About Coronary Artery Disease
Coronary artery disease (CAD) is an inflammatory disease in which plaque builds up inside the coronary arteries. These arteries supply your heart muscle with oxygen-rich blood. Plaque is made up of fat, cholesterol, and other substances found in the blood. When plaque builds up in the arteries, the condition is called atherosclerosis. Variation in interleukin genes has shown to be associated with different degrees of CAD risk.

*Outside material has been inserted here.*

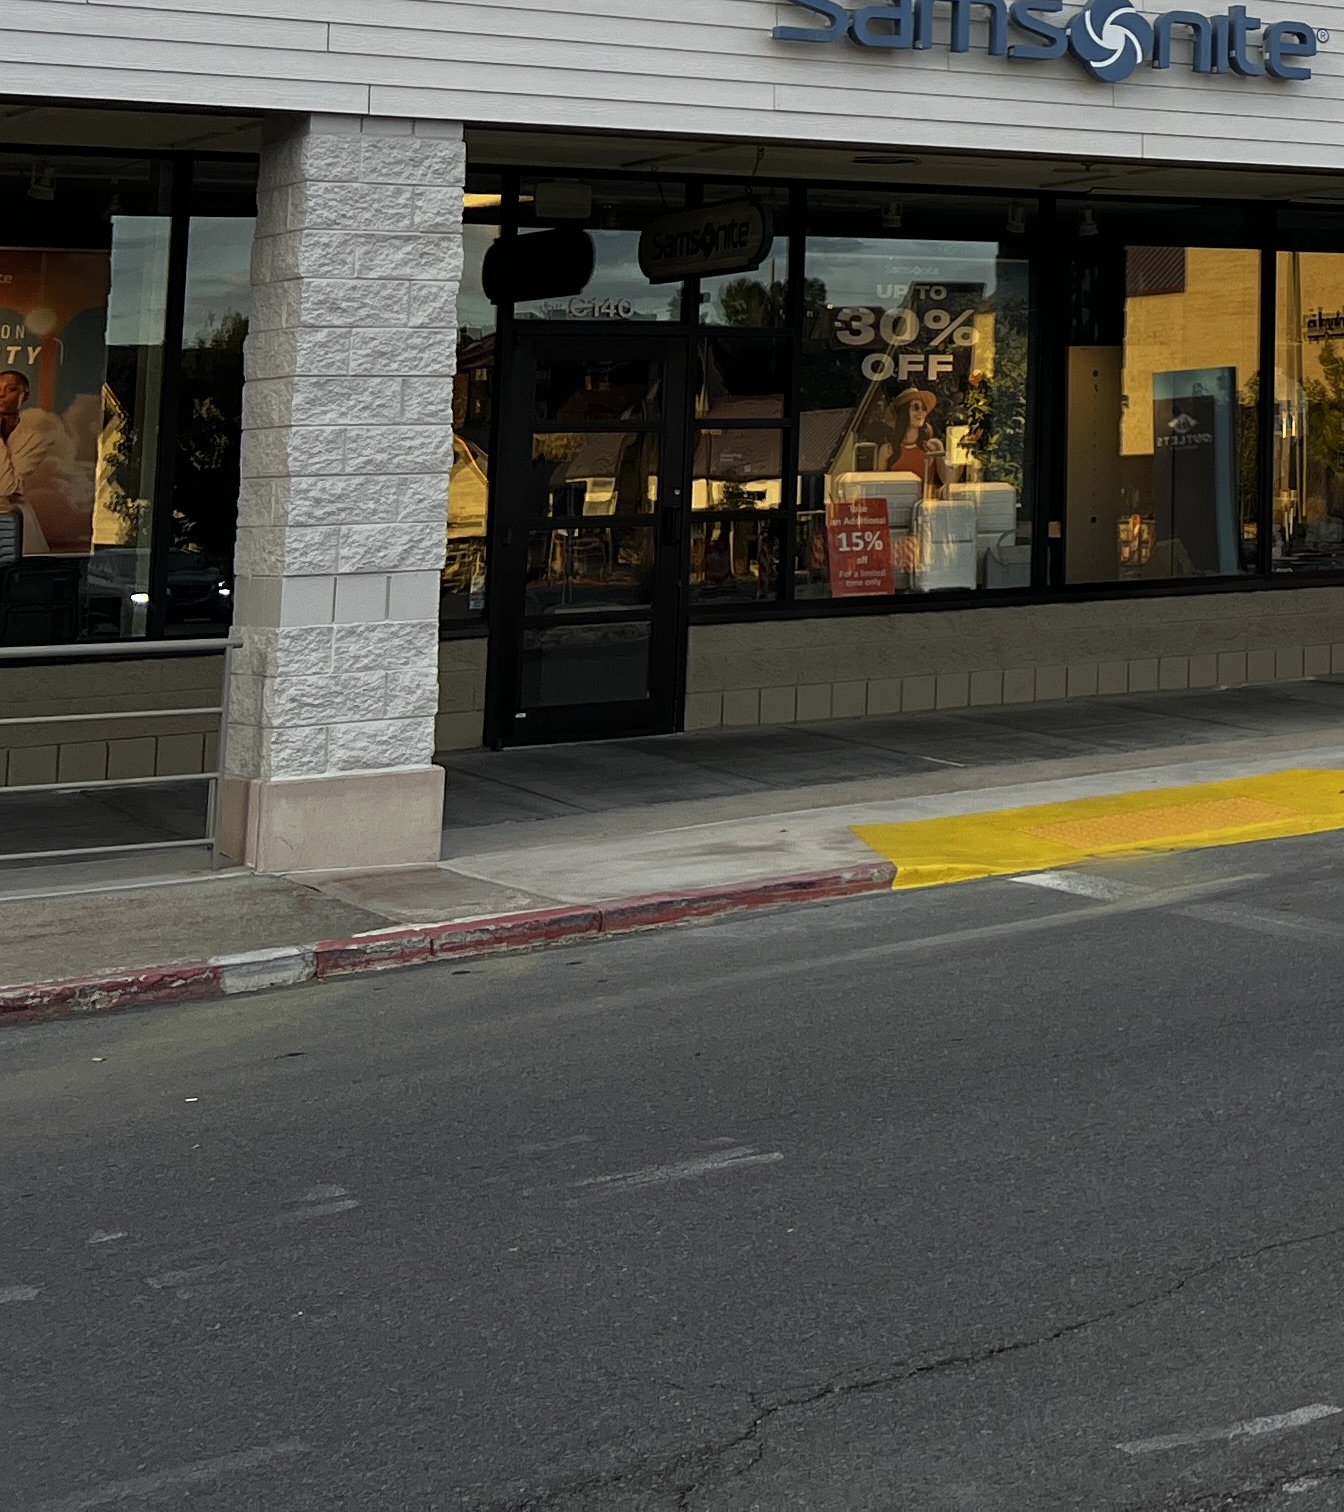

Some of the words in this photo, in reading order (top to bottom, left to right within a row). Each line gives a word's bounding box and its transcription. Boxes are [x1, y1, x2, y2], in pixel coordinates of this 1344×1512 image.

About Cardiovascular Disease Risk in Asia
Cardiovascular disease (CVD), which includes heart, stroke and blood vessel disease, is the world's leading killer, accounting for nearly 30 percent, or about 17 million, of total deaths in 2003. While deaths from heart attacks have declined more than 50 percent in many industrialized countries since the 1960's, death rates from CAD are on the rise. Urban China saw an increase greater than 50 percent from 1988 to 1996. In total, 80 percent of global CVD-related deaths occur in low and middle-income nations, including most countries in Asia.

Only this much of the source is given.